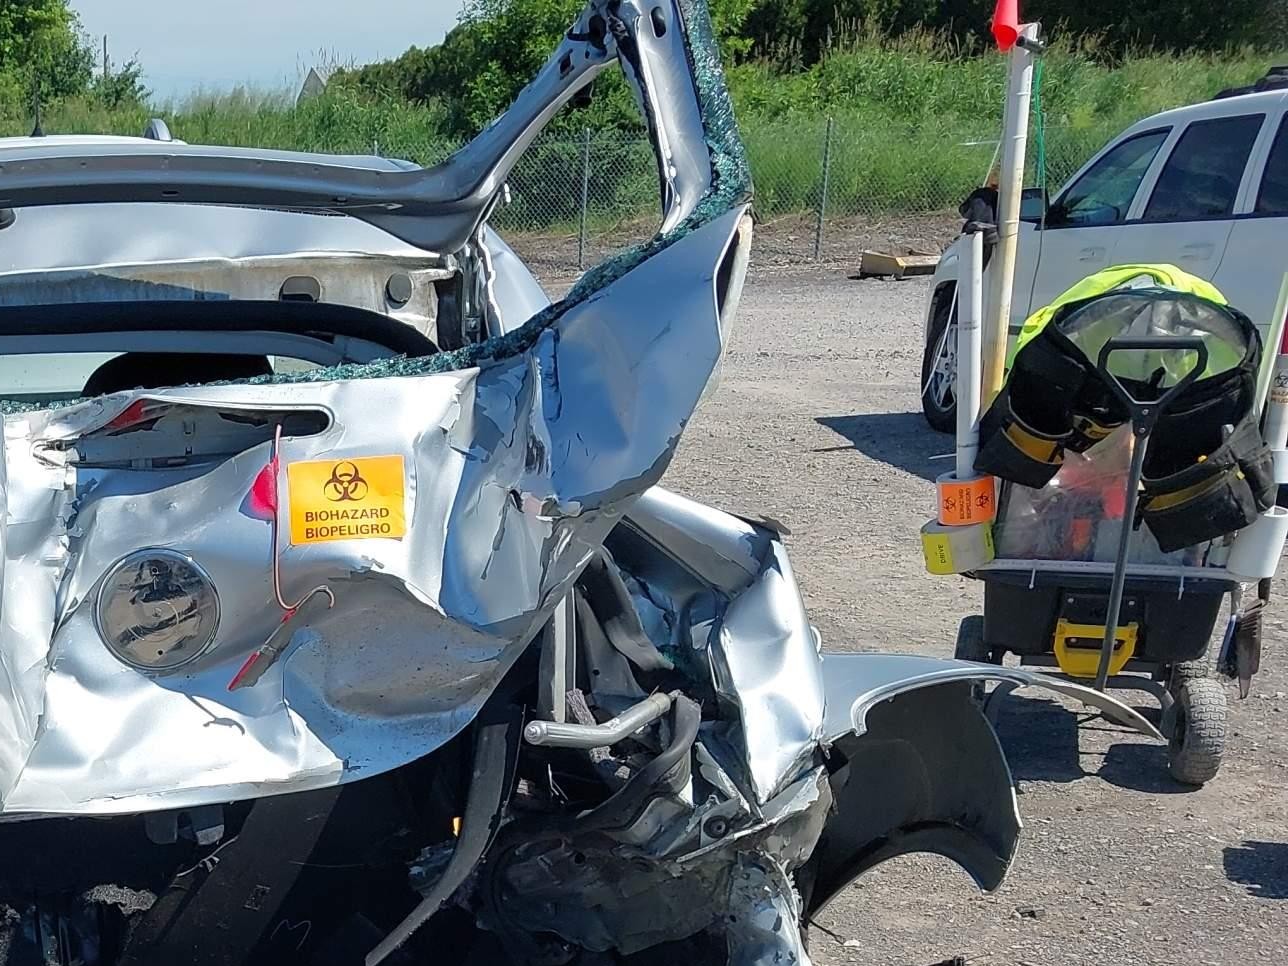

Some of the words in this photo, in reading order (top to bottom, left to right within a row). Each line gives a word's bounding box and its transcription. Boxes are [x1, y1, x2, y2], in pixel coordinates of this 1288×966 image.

[305, 507, 390, 522] BIOHAZARD
[305, 523, 391, 539] BIOPELIGRO
[938, 544, 946, 564] DRIVE
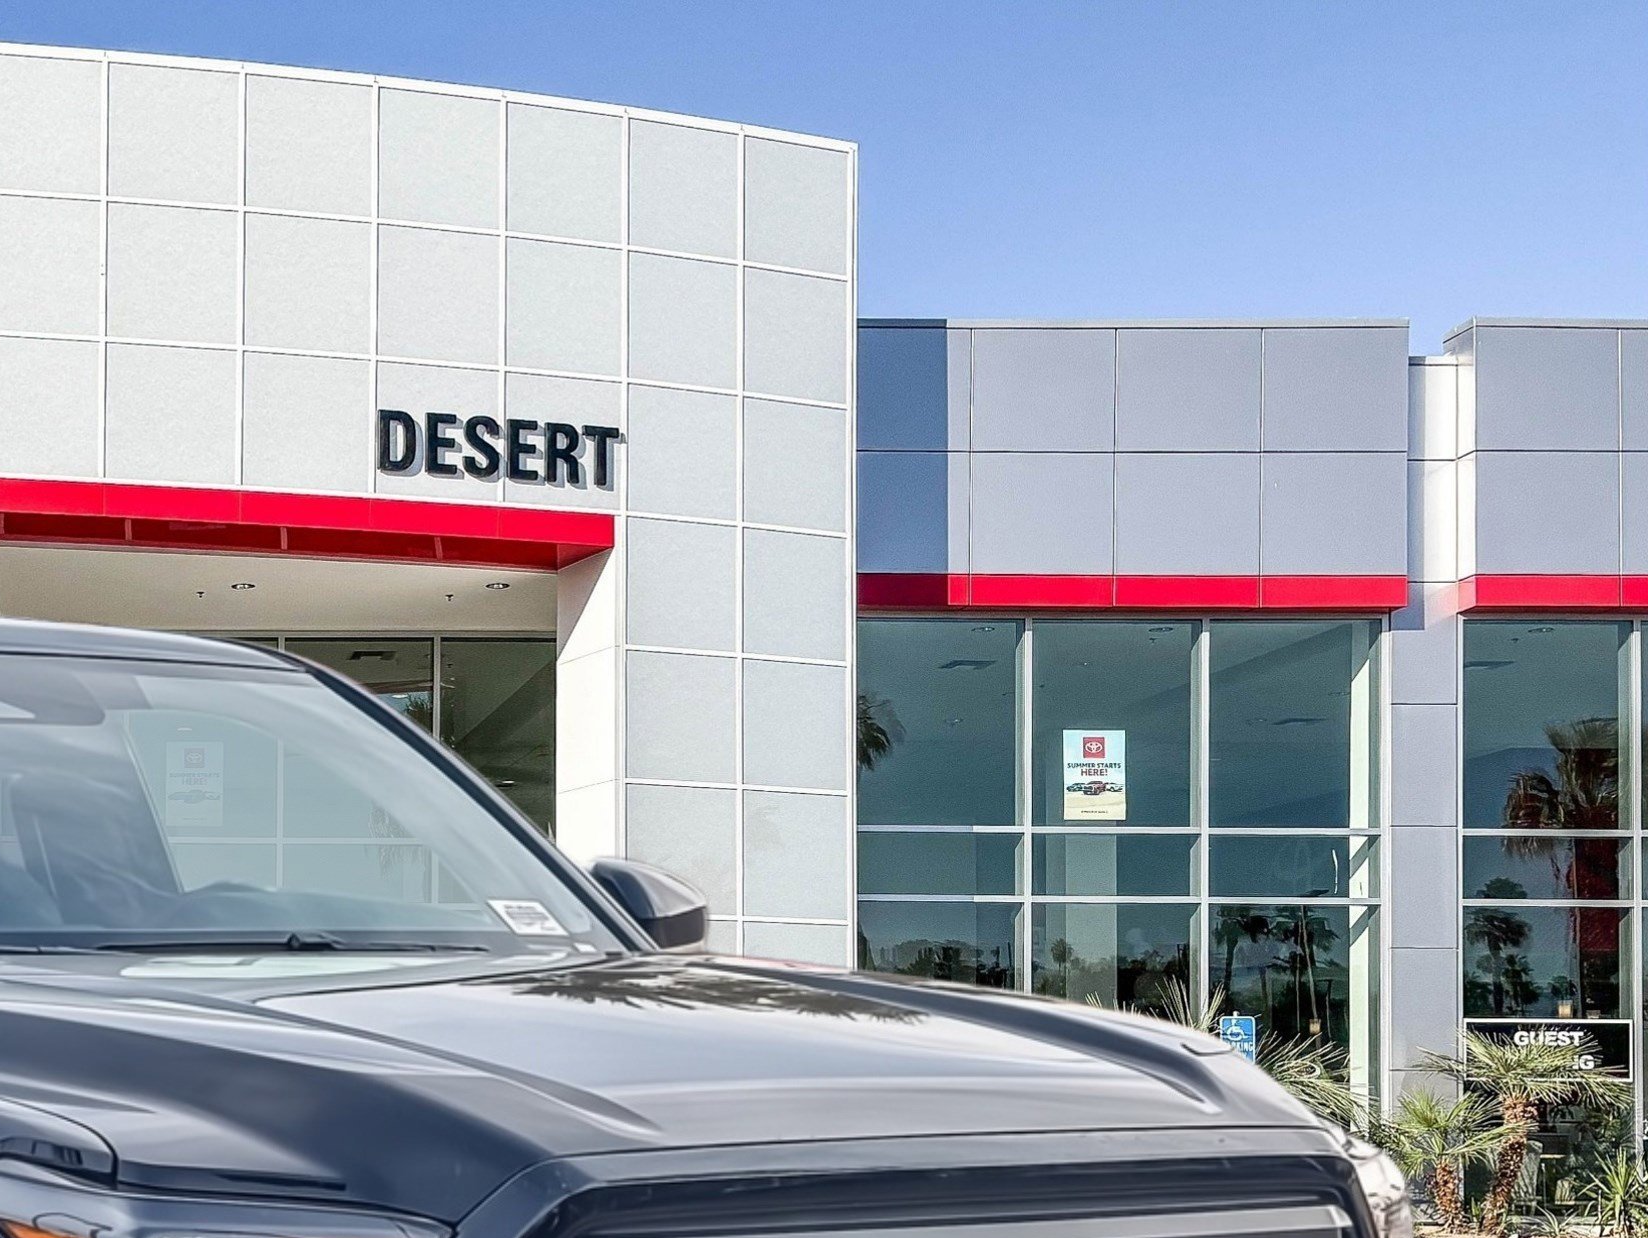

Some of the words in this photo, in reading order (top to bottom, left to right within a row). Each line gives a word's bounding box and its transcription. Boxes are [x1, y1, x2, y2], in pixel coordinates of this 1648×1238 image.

***

What needs to be done:
Transcribe the listing exactly; omit all images.

Reply:
Some of the words in this photo, in reading order (top to bottom, left to right within a row). Each line gives a word's bounding box and its transcription. Boxes are [x1, y1, x2, y2], in pixel coordinates of this 1288×966 image.

[305, 507, 390, 522] BIOHAZARD
[305, 523, 391, 539] BIOPELIGRO
[938, 544, 946, 564] DRIVE

Some of the words in this photo, in reading order (top to bottom, left to right within a row). Each line gives a word's bounding box and its transcription. Boxes are [x1, y1, x2, y2], in pixel coordinates of this 1648×1238 image.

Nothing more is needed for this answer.